Selon ordonnance de référé en date du 15 décembre 2015, une mesure de médiation a été ordonnée entre les parties et il a été sursis à statuer jusqu’à la fin de la mesure de médiation. La médiation n’ayant pas abouti, l’affaire a été rappelée à l’audience des référés civils du 2 mars 2026.
Suivant conclusions en date du 16 mars 2026, Monsieur [P] [R] a modifié sa demande de dommages et intérêts en sollicitant la condamnation de Madame [Q] [K] et de Madame [M] [F], in solidum au paiement d’une indemnités provisionnelle qui ne saurait être inférieure à 10 000 euros, en réparation de son trouble de jouissance causé par leur résistance abusive ; il a modifié sa demande formulée au titre de l’article 700 du code de procédure civile en la portant à la somme de 4 000 euros et a sollicité, à titre subsidiaire, de dire que, si une mesure d’expertise judiciaire était ordonnée, les frais de l’expertise seraient mis à la demande de Madame [Q] [K] et de Madame [M] [F], in solidum.
Madame [K] et Madame [F], représentées, demande, que la présente juridiction se déclare incompétente sur la demande de condamnation à dommages et intérêts, de débouter Monsieur [R] des fins de ses demandes et au paiement d’une somme de 2 500 euros au visa des dispositions de l’article 700 du code de procédure civile.
Ils sollicitent, à l’audience du 16 mars 2026, une expertise portant sur les désordres et la natures des travaux à réaliser.
MOTIVATION
Sur l’exécution des travaux et la demande d’expertise :
L’article 835 du Code de Procédure civile dispose « Le président du tribunal judiciaire ou le juge des contentieux de la protection dans les limites de sa compétence peuvent toujours, même en présence d’une contestation sérieuse, prescrire en référé les mesures conservatoires ou de remise en état qui s’imposent, soit pour prévenir un dommage imminent, soit pour faire cesser un trouble manifestement illicite.
Dans les cas où l’existence de l’obligation n’est pas sérieusement contestable, ils peuvent accorder une provision au créancier, ou ordonner l’exécution de l’obligation même s’il s’agit d’une obligation de faire. »
Monsieur [R] demande de condamner Madame [Q] [K] et Madame [M] [F] in solidum, à réaliser les travaux de reprise de leur appartement ou à manifester leur accord pour que la société [Y] intervienne dans leur appartement pour ces travaux, le tout sous 8 jours à compter de la présente décision et sous astreinte de 100 euros par jour de retard à compter de la décision à intervenir ; ou, à défaut, de l’autoriser à pénétrer dans leur appartement pour que la société [Y] réalise lesdits travaux.

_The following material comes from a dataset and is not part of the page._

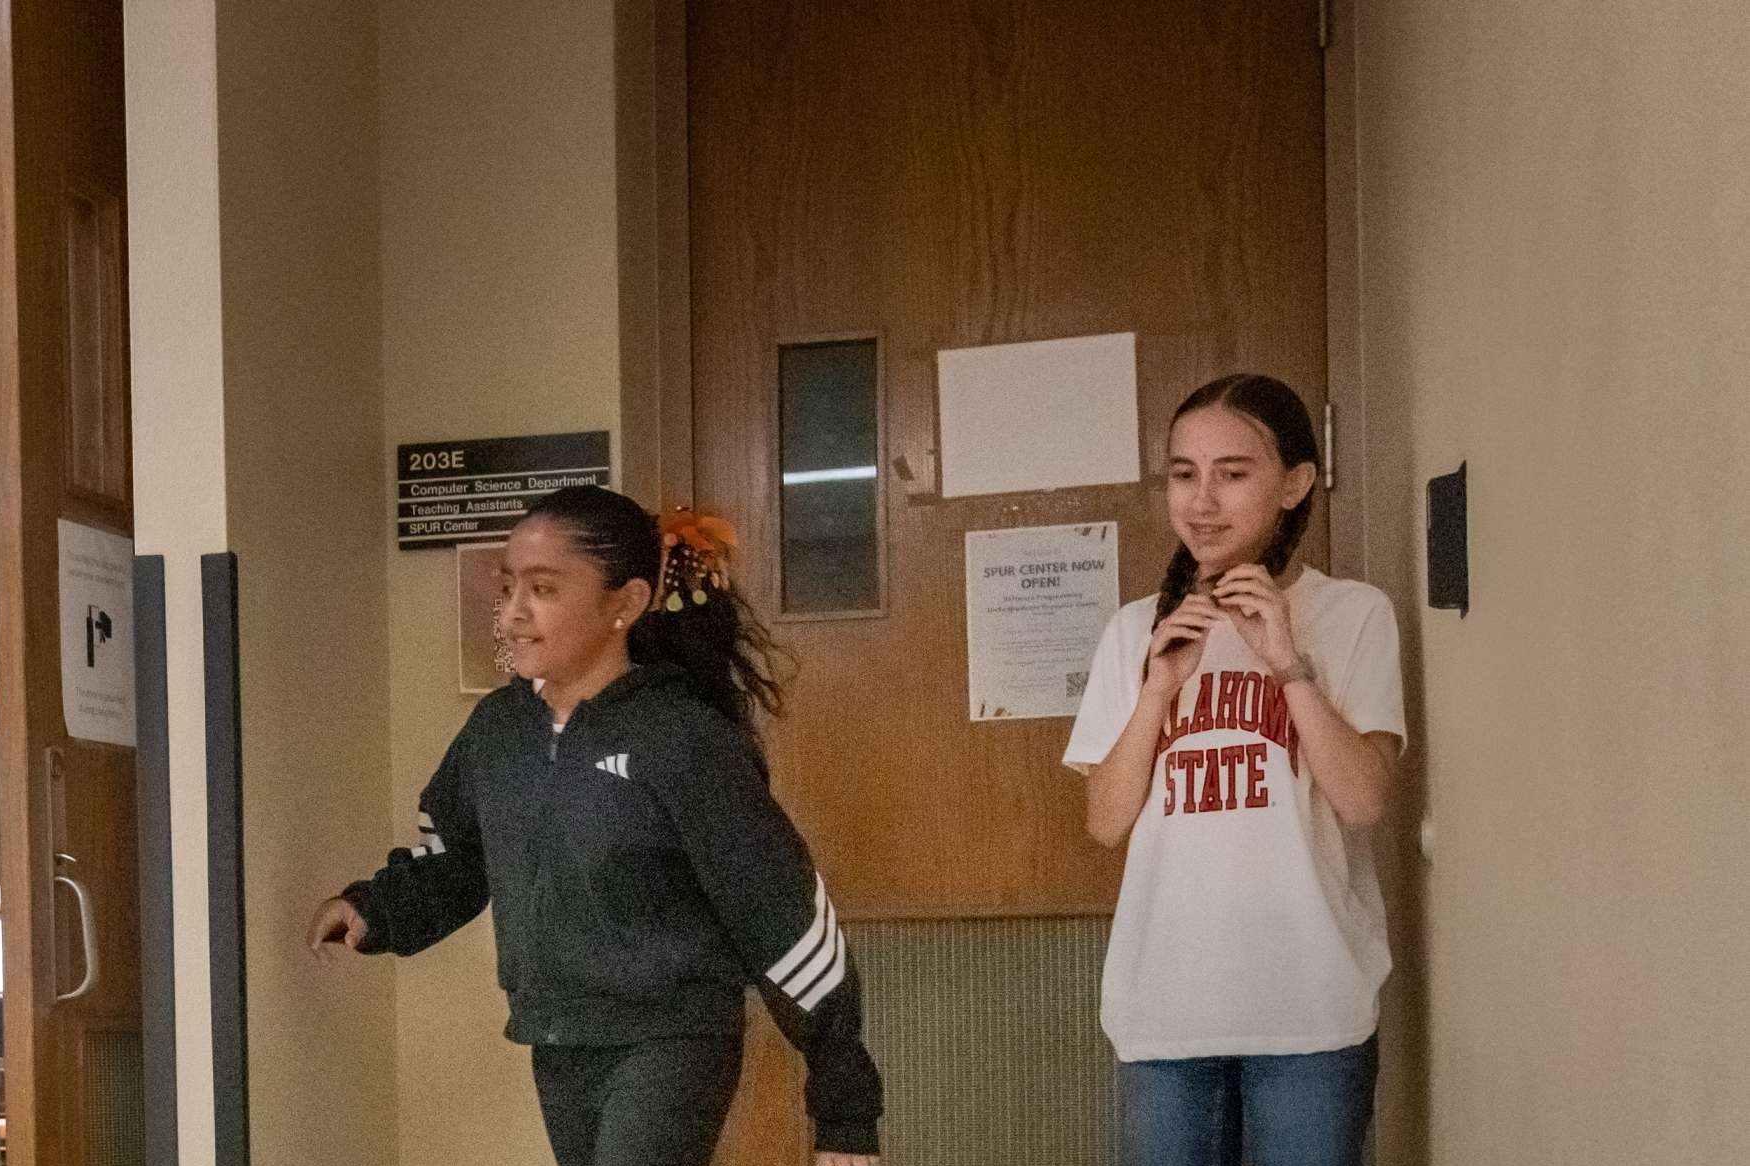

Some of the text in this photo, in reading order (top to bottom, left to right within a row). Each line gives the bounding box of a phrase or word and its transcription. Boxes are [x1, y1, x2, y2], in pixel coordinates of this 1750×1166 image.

Il explique que les défenderesses sont de mauvaise foi lorsqu’elles sollicitent une mesure d’expertise tandis que les rapports qui leur ont été adressés sont unanimes, qu’elles n’ont jamais donné suite à ses demandes, et qu’elles connaissent les désordres qu’il subi depuis juin 2024. Il explique avoir acquis le bien en 2014, que les fuites ne sont pas apparues au printemps 2024 et qu’il n’a jamais modifié les canalisations existantes dans la salle de bain.
Madame [Q] [K] et Madame [M] [F] contestent les demandes relatives à l’exécution des travaux. Elles indiquent qu’aucune fuite n’a été caractérisée dans la canalisation d’évacuation située dans leur appartement et qu’elles n’ont jamais apporté de modification à cette canalisation depuis leur acquisition des lieux en 2020. Elles indiquent que Monsieur [R] a acquis l’appartement en décembre 2024 et que les fuites se sont révélées en 2025 après qu’il ait réalisé des travaux de rénovation et de redistribution des lieux et qu’un certain nombre de canalisations annexes aient été branchées sur la conduite principale d’évacuation des eaux usées. Elles ajoutent que l’obligation aux travaux ne saurait être accueillie dès lors qu’elles n’ont commis aucune faute et qu’aucune mesure d’expertise technique n’a été réalisée afin de rechercher les causes de la fuite et de vérifier la conformité des installations actuellement en place.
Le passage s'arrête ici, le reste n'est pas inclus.